:: EXERCISE INPUTS ::
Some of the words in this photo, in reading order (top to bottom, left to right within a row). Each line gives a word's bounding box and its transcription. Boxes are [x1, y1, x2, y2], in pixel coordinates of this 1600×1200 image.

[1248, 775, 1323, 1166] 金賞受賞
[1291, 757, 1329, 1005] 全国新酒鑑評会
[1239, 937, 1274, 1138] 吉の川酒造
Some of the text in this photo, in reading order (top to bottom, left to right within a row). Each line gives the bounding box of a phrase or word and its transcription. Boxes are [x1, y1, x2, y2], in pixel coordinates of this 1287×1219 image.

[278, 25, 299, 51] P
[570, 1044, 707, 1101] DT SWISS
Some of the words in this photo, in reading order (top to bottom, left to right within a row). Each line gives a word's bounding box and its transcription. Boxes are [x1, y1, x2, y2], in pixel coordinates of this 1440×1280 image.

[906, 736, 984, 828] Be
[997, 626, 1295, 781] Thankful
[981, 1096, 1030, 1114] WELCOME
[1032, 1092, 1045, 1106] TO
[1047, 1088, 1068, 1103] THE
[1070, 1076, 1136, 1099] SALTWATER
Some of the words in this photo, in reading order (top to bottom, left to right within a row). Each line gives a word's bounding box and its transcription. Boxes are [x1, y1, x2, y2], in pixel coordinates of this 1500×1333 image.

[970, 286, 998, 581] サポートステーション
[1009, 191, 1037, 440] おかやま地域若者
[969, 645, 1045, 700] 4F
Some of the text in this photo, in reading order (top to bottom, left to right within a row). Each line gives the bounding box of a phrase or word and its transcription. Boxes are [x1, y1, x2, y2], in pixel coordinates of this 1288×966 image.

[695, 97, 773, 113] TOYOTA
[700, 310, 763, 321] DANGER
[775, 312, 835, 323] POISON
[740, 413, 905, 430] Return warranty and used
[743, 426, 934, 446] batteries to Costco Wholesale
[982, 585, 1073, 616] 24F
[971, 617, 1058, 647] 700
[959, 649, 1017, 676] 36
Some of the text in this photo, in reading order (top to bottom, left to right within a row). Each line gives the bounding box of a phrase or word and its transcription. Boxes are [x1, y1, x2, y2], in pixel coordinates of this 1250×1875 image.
:::
- EXERCISE
Reproduce each of the records word for word.

- RESULT FOR THIS TASK
Some of the words in this photo, in reading order (top to bottom, left to right within a row). Each line gives a word's bounding box and its transcription. Boxes are [x1, y1, x2, y2], in pixel coordinates of this 1600×1200 image.

[1248, 775, 1323, 1166] 金賞受賞
[1291, 757, 1329, 1005] 全国新酒鑑評会
[1239, 937, 1274, 1138] 吉の川酒造
Some of the text in this photo, in reading order (top to bottom, left to right within a row). Each line gives the bounding box of a phrase or word and its transcription. Boxes are [x1, y1, x2, y2], in pixel coordinates of this 1287×1219 image.

[278, 25, 299, 51] P
[570, 1044, 707, 1101] DT SWISS
Some of the words in this photo, in reading order (top to bottom, left to right within a row). Each line gives a word's bounding box and its transcription. Boxes are [x1, y1, x2, y2], in pixel coordinates of this 1440×1280 image.

[906, 736, 984, 828] Be
[997, 626, 1295, 781] Thankful
[981, 1096, 1030, 1114] WELCOME
[1032, 1092, 1045, 1106] TO
[1047, 1088, 1068, 1103] THE
[1070, 1076, 1136, 1099] SALTWATER
Some of the words in this photo, in reading order (top to bottom, left to right within a row). Each line gives a word's bounding box and its transcription. Boxes are [x1, y1, x2, y2], in pixel coordinates of this 1500×1333 image.

[970, 286, 998, 581] サポートステーション
[1009, 191, 1037, 440] おかやま地域若者
[969, 645, 1045, 700] 4F
Some of the text in this photo, in reading order (top to bottom, left to right within a row). Each line gives the bounding box of a phrase or word and its transcription. Boxes are [x1, y1, x2, y2], in pixel coordinates of this 1288×966 image.

[695, 97, 773, 113] TOYOTA
[700, 310, 763, 321] DANGER
[775, 312, 835, 323] POISON
[740, 413, 905, 430] Return warranty and used
[743, 426, 934, 446] batteries to Costco Wholesale
[982, 585, 1073, 616] 24F
[971, 617, 1058, 647] 700
[959, 649, 1017, 676] 36
Some of the text in this photo, in reading order (top to bottom, left to right within a row). Each line gives the bounding box of a phrase or word and its transcription. Boxes are [x1, y1, x2, y2], in pixel coordinates of this 1250×1875 image.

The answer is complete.